L’économie politique actuelle part donc des fabriques, son principe créateur.
Elle présuppose les conditions sociales présentes. Elle n’a donc pas besoin de
s’étendre longuement sur la force manufacturière. Si l’Ecole n’a pas donné un «
développement scientifique » à la théorie des forces productives à côté de la
théorie des valeurs d’échange et distincte d’elle, c’est parce qu’une telle
séparation est une abstraction arbitraire, parce qu’elle est impossible et
qu’elle doit se borner à des généralités, à des phrases.
5. « Les causes de la richesse
sont tout autre chose que la richesse elle-même. La force de créer des
richesses est infiniment plus importante que la richesse elle-même » [p. 201].
La force productive apparaît comme un être infiniment sublime au-dessus de la
valeur d’échange. La force revendique la place de l’essence intime, la valeur
d’échange celle du phénomène éphémère. La force apparaît comme infinie, la
valeur d’échange comme finie, celle-là comme immatérielle, celle-ci comme
matérielle, et toutes ces antithèses, nous les trouvons chez Lift. Le monde immatériel
des forces pénètre, par conséquent, le monde matériel des valeurs d’échange.
Lorsqu’une nation se sacrifie pour des valeurs d’échange, l’infamie est
évidente, car l’homme y est sacrifié aux objets ; en revanche, les forces
apparaissent comme des êtres spirituels autonomes – des fantômes – et de pures
personnifications, des divinités ; et l’on peut bien exiger du peuple allemand
qu’il sacrifie les vilaines valeurs d’échange pour des fantômes ! Une valeur
d’échange, l’argent, semble toujours être un but extérieur, mais la force
productive est un but qui découle de ma nature elle-même, une fin en soi. Donc,
les valeurs d’échange que je sacrifie sont quelque chose d’extérieur à moi ; ce
que je gagne en forces productives est le gain de moi-même. Telle est l’apparence,
si l’on se satisfait du mot, ou si, en Allemand idéalisant, on ne se soucie pas
de la sordide réalité qui se cache derrière ce mot pompeux.

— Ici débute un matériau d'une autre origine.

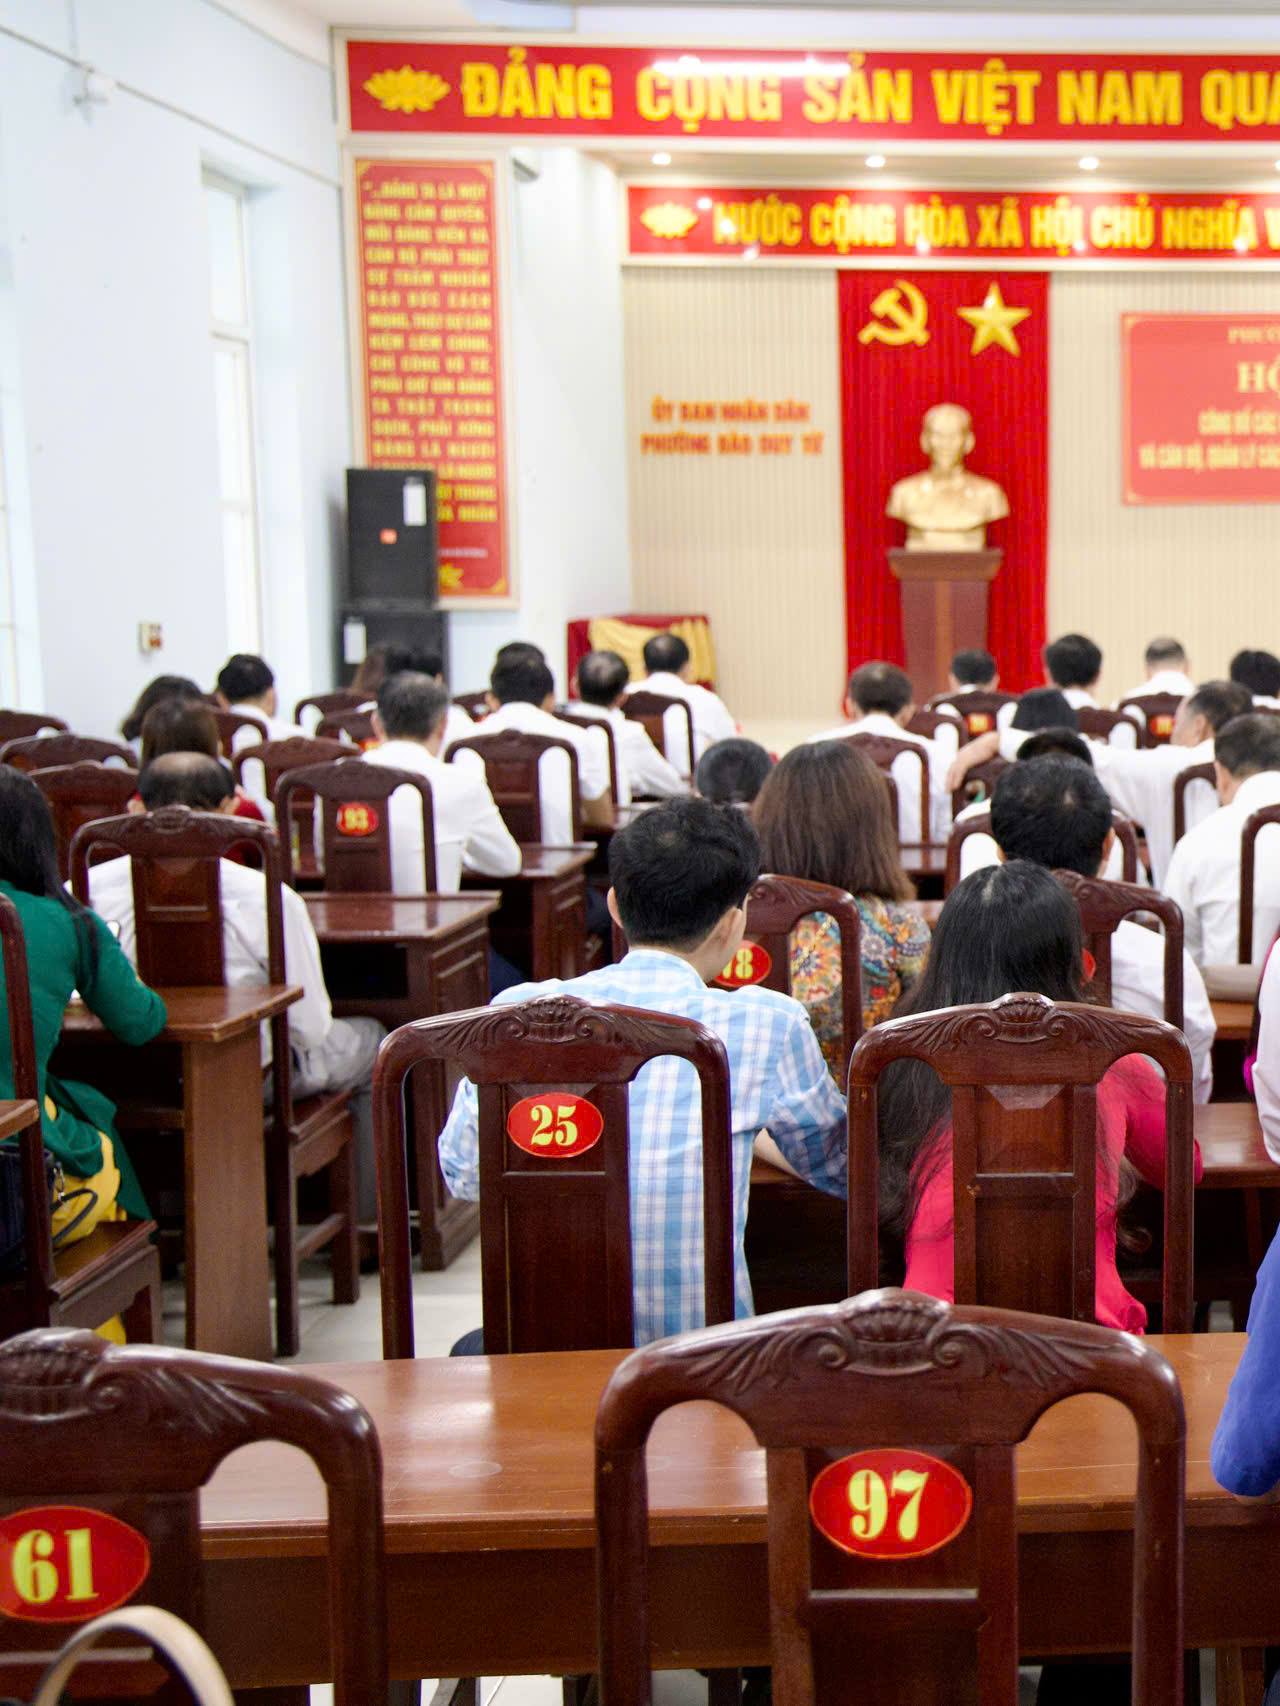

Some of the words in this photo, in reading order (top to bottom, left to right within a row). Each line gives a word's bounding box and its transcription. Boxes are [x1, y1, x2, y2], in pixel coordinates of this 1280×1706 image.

Pour détruire l’éclat mystique
qui transfigure la « force productive », il suffit de consulter la première
statistique venue. Il y est question de force hydraulique, de force de la
vapeur, de force humaine, de force de chevaux. Ce sont toutes des « forces
productives ». Quelle grande estime pour l’homme que de le faire figurer comme
« force » à côté du cheval, de la vapeur, de l’eau ! Dans le système actuel, si
un dos rond, une luxation des os, un développement et un renforcement exclusifs
de certains muscles, etc., te rendent plus productif (plus apte au travail),
ton dos rond, ta luxation des membres, ton mouvement musculaire uniforme sont
une force productive. Quand ton inintelligence est plus productive que ta
féconde activité intellectuelle, ton inintelligence est une force productive,
etc. Quand la monotonie d’une occupation te rend plus apte à cette même
occupation, la monotonie est une force productive. En vérité, le bourgeois,
l’industriel tient-il à ce que l’ouvrier développe toutes ses facultés, qu’il
mette en action sa capacité productive, qu’il ait lui-même une activité
humaine, et pratique ainsi en même temps l’humain tout court ?
Nous laissons le Pindare
anglais du système manufacturier, M. Ure, répondre à cette question. « Le but
constant et la tendance de tout perfectionnement dans le mécanisme est en effet
de se passer entièrement du travail de l’homme, ou d’en diminuer le prix en
substituant l’industrie des femmes et des enfants à celle de l’ouvrier adulte
ou le travail d’ouvriers grossiers (inhabiles) à celui de l’habile artisan »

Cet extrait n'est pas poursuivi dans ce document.